** Opening SUPPLIED MATERIAL block **
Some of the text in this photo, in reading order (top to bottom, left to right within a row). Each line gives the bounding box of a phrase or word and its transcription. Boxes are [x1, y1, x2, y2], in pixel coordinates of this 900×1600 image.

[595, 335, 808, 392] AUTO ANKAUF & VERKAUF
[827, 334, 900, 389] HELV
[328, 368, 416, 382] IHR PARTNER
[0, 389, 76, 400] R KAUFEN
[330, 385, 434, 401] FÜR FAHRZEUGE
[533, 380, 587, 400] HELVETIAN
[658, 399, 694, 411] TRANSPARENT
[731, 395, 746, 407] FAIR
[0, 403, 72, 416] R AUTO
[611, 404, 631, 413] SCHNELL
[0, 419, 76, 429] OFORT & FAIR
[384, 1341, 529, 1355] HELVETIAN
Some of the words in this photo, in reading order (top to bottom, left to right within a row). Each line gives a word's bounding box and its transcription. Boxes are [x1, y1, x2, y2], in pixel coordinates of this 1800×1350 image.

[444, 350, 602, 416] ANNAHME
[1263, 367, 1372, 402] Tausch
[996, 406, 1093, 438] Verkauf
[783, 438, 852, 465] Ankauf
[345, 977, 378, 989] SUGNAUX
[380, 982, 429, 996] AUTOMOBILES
** Closing SUPPLIED MATERIAL block **
*YOUR INSTRUCTIONS*
Give the listing again in full, and make every line match exactly.

*ANSWER TO THIS EXERCISE*
Some of the text in this photo, in reading order (top to bottom, left to right within a row). Each line gives the bounding box of a phrase or word and its transcription. Boxes are [x1, y1, x2, y2], in pixel coordinates of this 900×1600 image.

[595, 335, 808, 392] AUTO ANKAUF & VERKAUF
[827, 334, 900, 389] HELV
[328, 368, 416, 382] IHR PARTNER
[0, 389, 76, 400] R KAUFEN
[330, 385, 434, 401] FÜR FAHRZEUGE
[533, 380, 587, 400] HELVETIAN
[658, 399, 694, 411] TRANSPARENT
[731, 395, 746, 407] FAIR
[0, 403, 72, 416] R AUTO
[611, 404, 631, 413] SCHNELL
[0, 419, 76, 429] OFORT & FAIR
[384, 1341, 529, 1355] HELVETIAN
Some of the words in this photo, in reading order (top to bottom, left to right within a row). Each line gives a word's bounding box and its transcription. Boxes are [x1, y1, x2, y2], in pixel coordinates of this 1800×1350 image.

[444, 350, 602, 416] ANNAHME
[1263, 367, 1372, 402] Tausch
[996, 406, 1093, 438] Verkauf
[783, 438, 852, 465] Ankauf
[345, 977, 378, 989] SUGNAUX
[380, 982, 429, 996] AUTOMOBILES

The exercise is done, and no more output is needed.